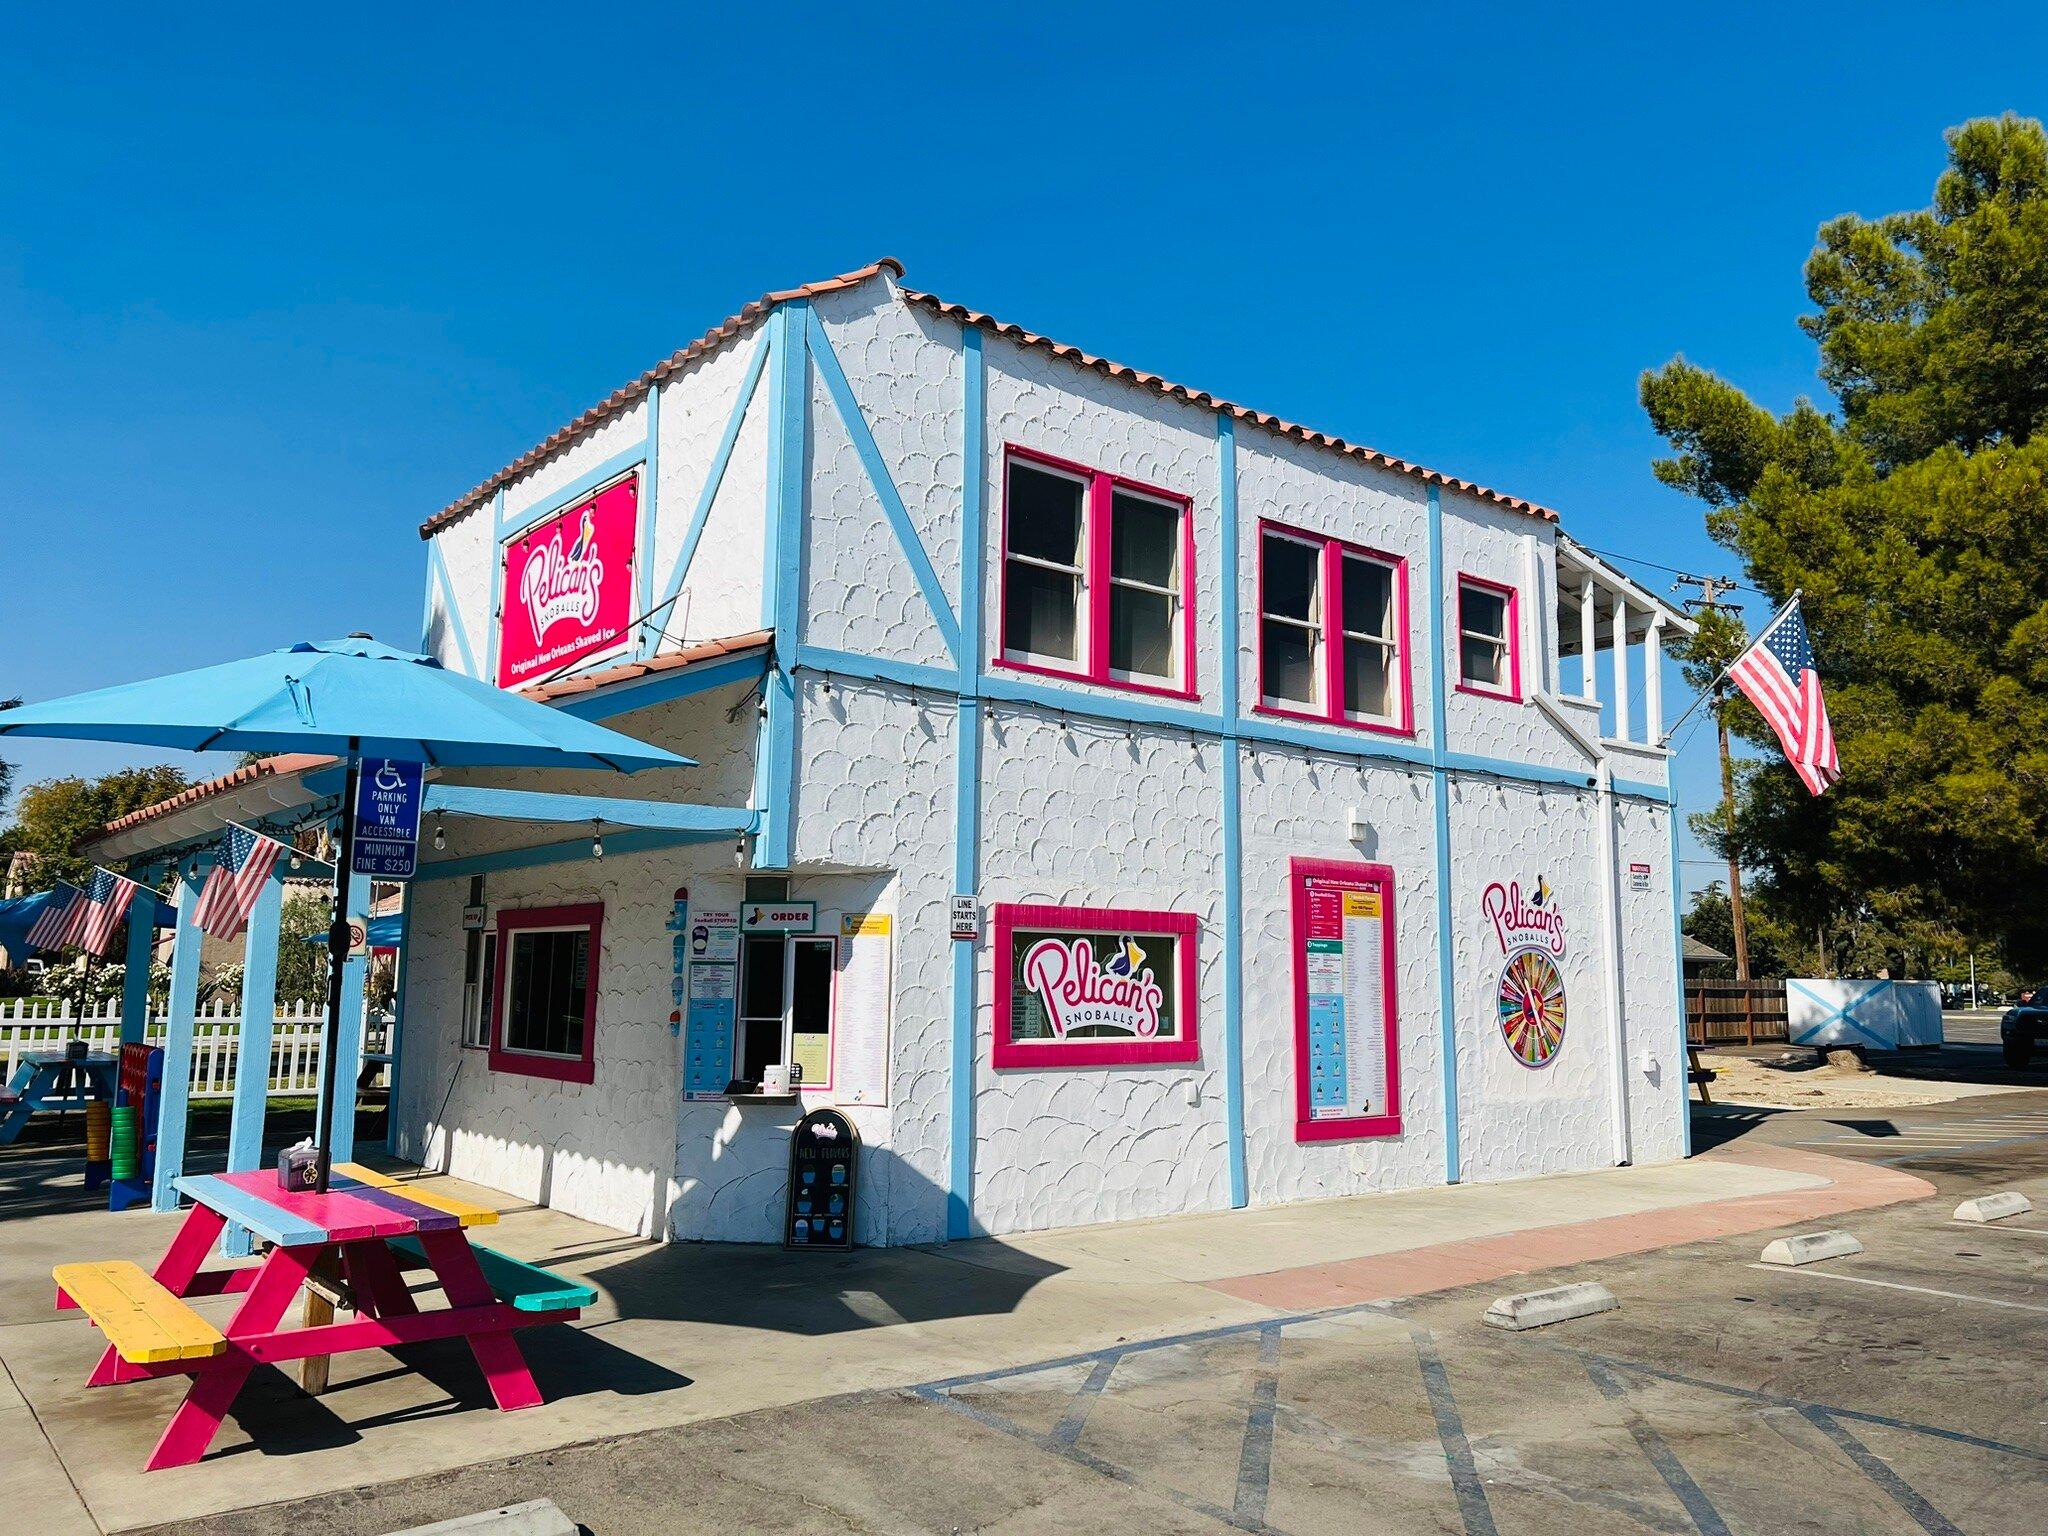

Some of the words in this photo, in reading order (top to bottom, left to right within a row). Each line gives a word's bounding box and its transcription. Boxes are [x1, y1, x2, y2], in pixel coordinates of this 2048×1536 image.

[520, 535, 604, 647] Pelican's
[540, 601, 580, 629] SNOBALLS
[511, 655, 538, 674] Original
[537, 651, 552, 665] New
[551, 641, 576, 659] Orleans
[575, 628, 602, 650] Shaved
[602, 627, 616, 641] Ice
[371, 790, 407, 803] PARKING
[377, 803, 400, 814] ONLY
[379, 814, 395, 825] VAN
[361, 825, 411, 839] ACCESSIBLE
[364, 843, 405, 857] MINIMUM
[356, 857, 377, 870] FINE
[384, 858, 411, 872] $250
[957, 899, 972, 908] LINE
[771, 912, 809, 921] ORDER
[952, 911, 976, 920] STARTS
[1483, 882, 1564, 954] Pelican's
[956, 922, 973, 931] HERE
[1507, 934, 1549, 946] SNOBALLS
[1026, 940, 1161, 1037] Pelican's
[1065, 1010, 1134, 1026] SNOBALLS

* * *

**TASK INSTRUCTIONS**
Retype the data word for word, please, and keep the images out.

**OUTPUT FOR THIS TASK**
Some of the words in this photo, in reading order (top to bottom, left to right within a row). Each line gives a word's bounding box and its transcription. Boxes are [x1, y1, x2, y2], in pixel coordinates of this 2048×1536 image.

[520, 535, 604, 647] Pelican's
[540, 601, 580, 629] SNOBALLS
[511, 655, 538, 674] Original
[537, 651, 552, 665] New
[551, 641, 576, 659] Orleans
[575, 628, 602, 650] Shaved
[602, 627, 616, 641] Ice
[371, 790, 407, 803] PARKING
[377, 803, 400, 814] ONLY
[379, 814, 395, 825] VAN
[361, 825, 411, 839] ACCESSIBLE
[364, 843, 405, 857] MINIMUM
[356, 857, 377, 870] FINE
[384, 858, 411, 872] $250
[957, 899, 972, 908] LINE
[771, 912, 809, 921] ORDER
[952, 911, 976, 920] STARTS
[1483, 882, 1564, 954] Pelican's
[956, 922, 973, 931] HERE
[1507, 934, 1549, 946] SNOBALLS
[1026, 940, 1161, 1037] Pelican's
[1065, 1010, 1134, 1026] SNOBALLS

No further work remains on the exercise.